On Wed, May 21, 2008 at 05:04:10PM -0500, Matt Mackall wrote:
> 
> On Wed, 2008-05-21 at 12:54 +0200, Pjotr Kourzanov wrote:
> > What if you specifically need to use certain options for ssh (the 
> > ssh), such as -1 or -2 or whatever. Isnt't it just easier to create a 
> > wrapper called ssh1 or ssh2 and just use e.g., ssh1://host/path? What
> > if you need to push/pull to/from sites that accept only ssh1 or ssh2?
> > Do you want to constantly change your ui.ssh config or complicate the
> > command line with -e?
> 
> ssh1 is of course another bad example as the protocol has been
> completely broken. But even in this case, you would simply add this as a
> setting to .ssh/config for the odd hosts that uses ssh1, and not mess
> with hg's config at all.
> 
> >   My stake in this patch is that in a large project/organization, you
> > can simply start using a krb5-rsh:// URLs and it will just work, while
> > without it, you'd have to globally change out-of-the box configuration
> > of Mercurial such that everyone uses ui.ssh=krb5-rsh. Oh yes, don't tell
> > me the story of SSH public keys dispersal through a large company. It's
> > just so much simpler with Kerberos - do a /usr/bin/kinit once and you're
> > authenticated - no need for any public key transfers...
> 
> And if you were using a modern ssh with Kerberos support built in, you'd
> a) be even safer [1] and b) have no config issues.

  I do;-) The problem is that not all client/server hosts do (think corporate
server setups with whatever UNICES on them). The krb5-rsh clients and servers 
are however pretty much standard in those environments...

  Somehow, I find a lot of value in packages that always work
out-of-the box without me spending days on tweaking/compiling the
autoconf-ed hell out of open-source projects...

> 
> >   OK, here I stop and simply wonder why such a small and useful 
> > generalization is so difficult to get in...
> 
> - it adds an infinite non-standard protocol namespace
> - some parts of which will act bizarrely (eg bsh://)

  The same goes for --ssh and ui.ssh. Who checks that --ssh and ui.ssh
actually specify an ssh protocol handler?

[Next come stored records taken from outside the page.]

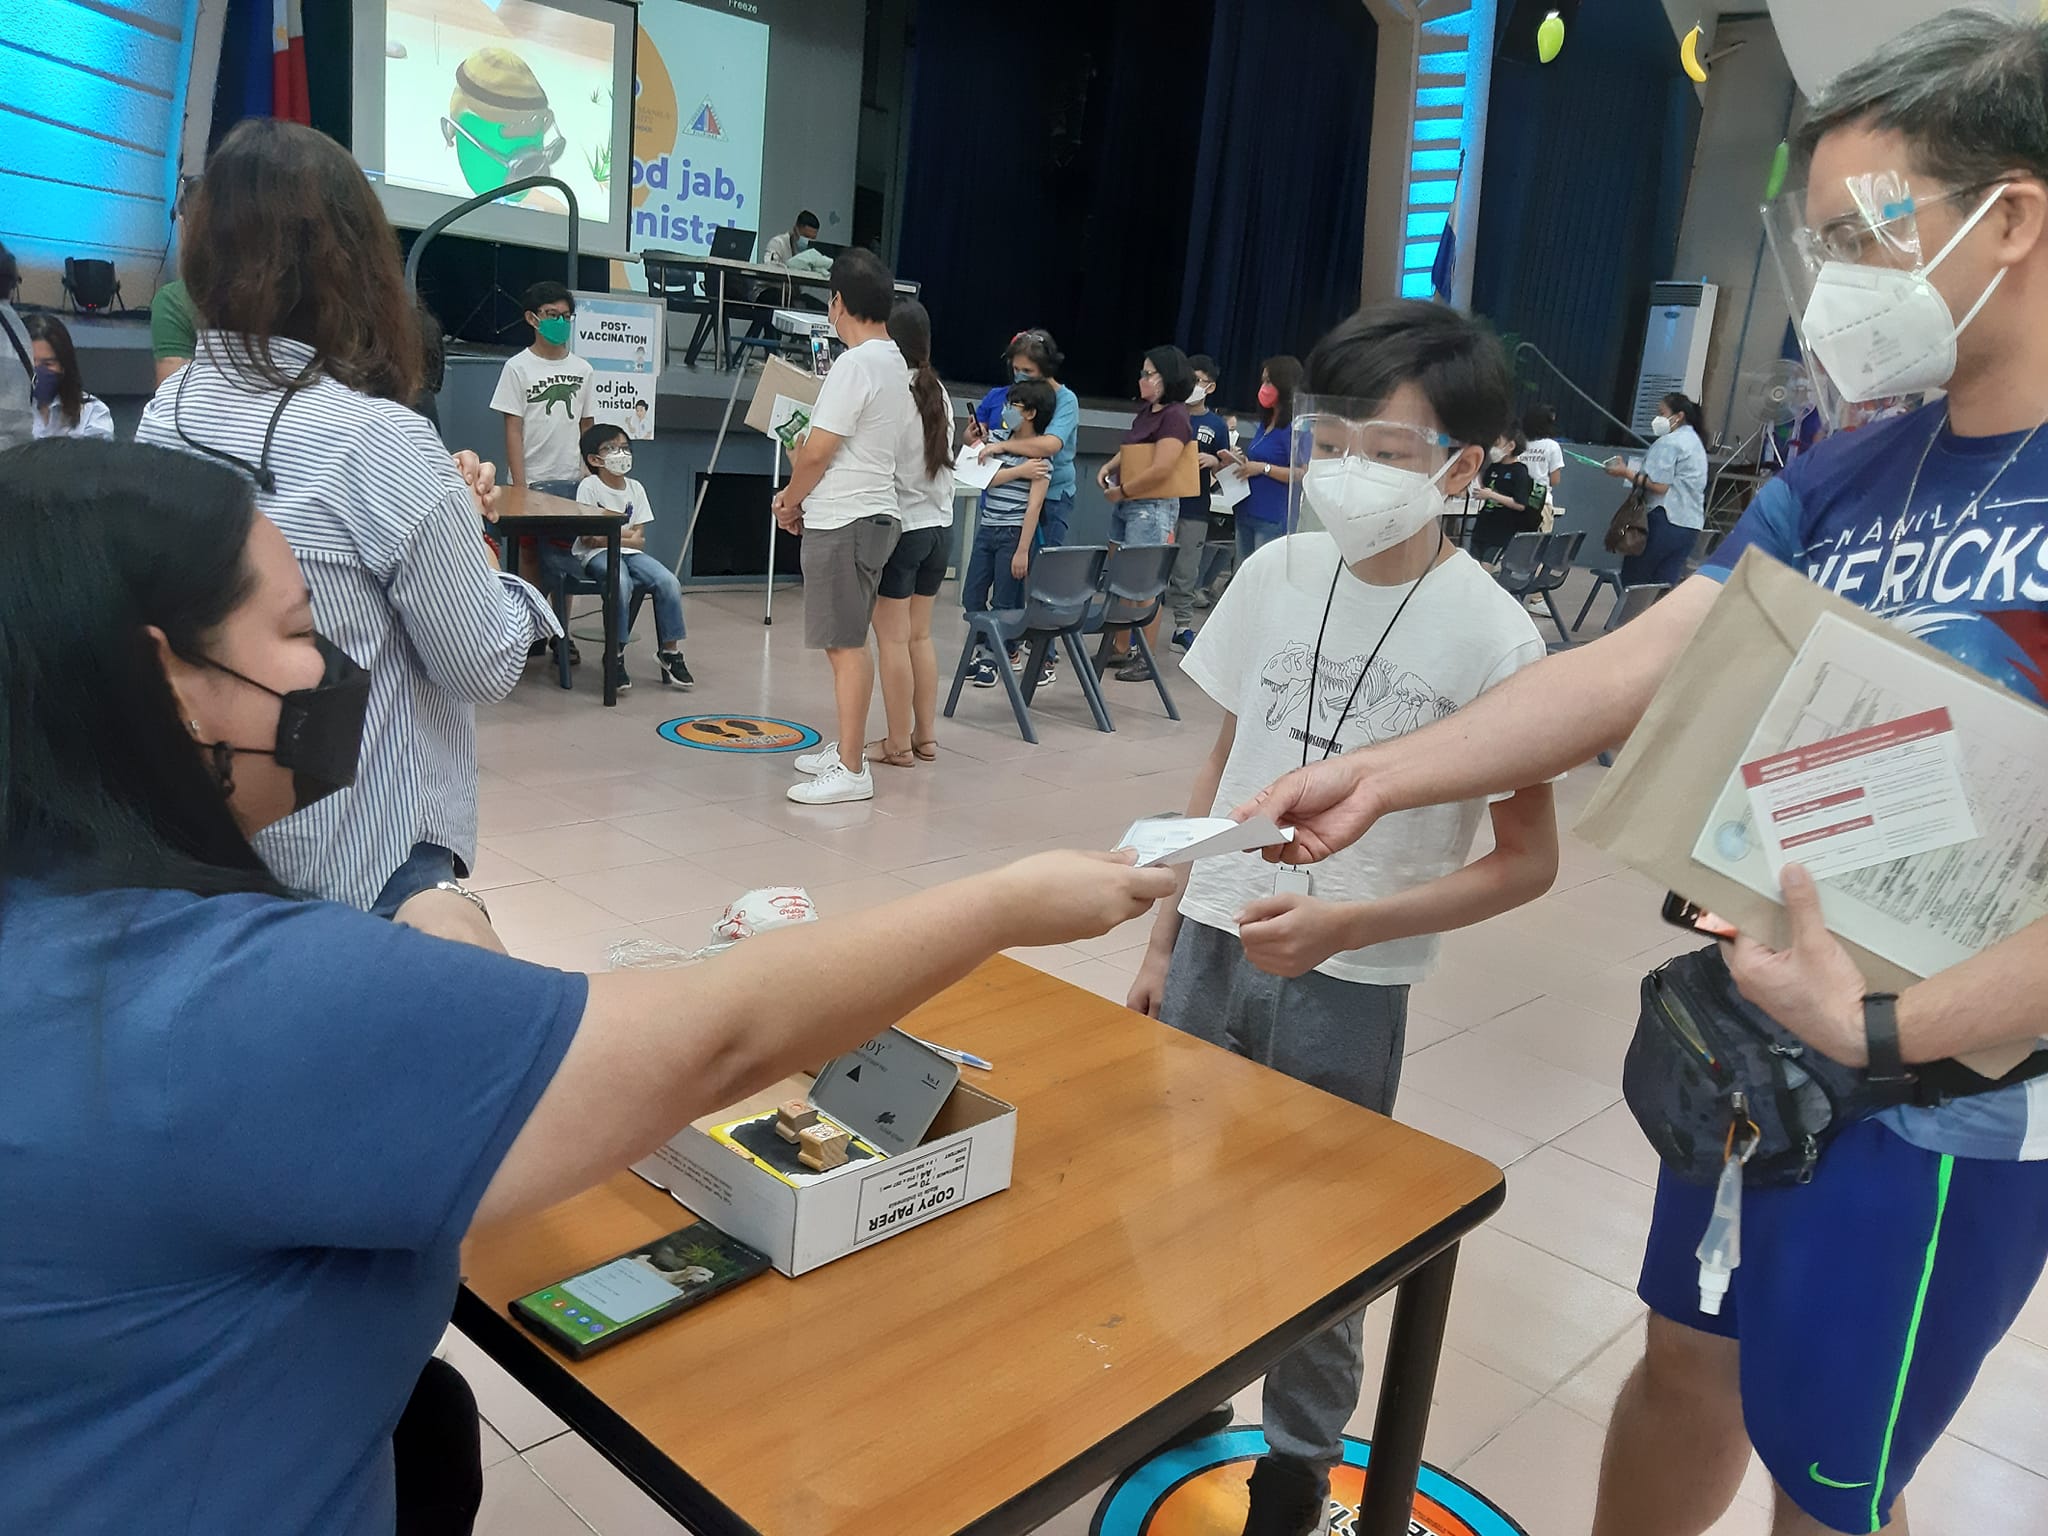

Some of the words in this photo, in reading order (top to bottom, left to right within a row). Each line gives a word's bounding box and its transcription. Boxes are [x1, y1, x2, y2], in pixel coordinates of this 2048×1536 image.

[677, 158, 745, 209] jab,
[600, 321, 631, 332] POST-
[579, 331, 647, 345] VACCINATION
[526, 374, 584, 398] CARNIVORE
[614, 380, 638, 397] jab,
[919, 1168, 932, 1179] A4
[919, 1177, 931, 1188] 70
[888, 1193, 916, 1209] Indonesia
[917, 1186, 955, 1213] COPY
[868, 1202, 914, 1232] PAPER

> - the infinite namespace doesn't even cover everything (eg dropbear)

  OK, that's the only good use for --ssh and ui.ssh.

> - it's a bit ugly
> - the use cases are unusual/silly enough to not be very convincing

  That may be (that I'm the only one using the Kerberos rsh out there,
but heck, I do find it much more useful and agile than ssh within my 
environment).

> 
> [1] http://www.cs.berkeley.edu/~hildrum/043.pdf
> 
> -- 
> Mathematics is the supreme nostalgia of our time.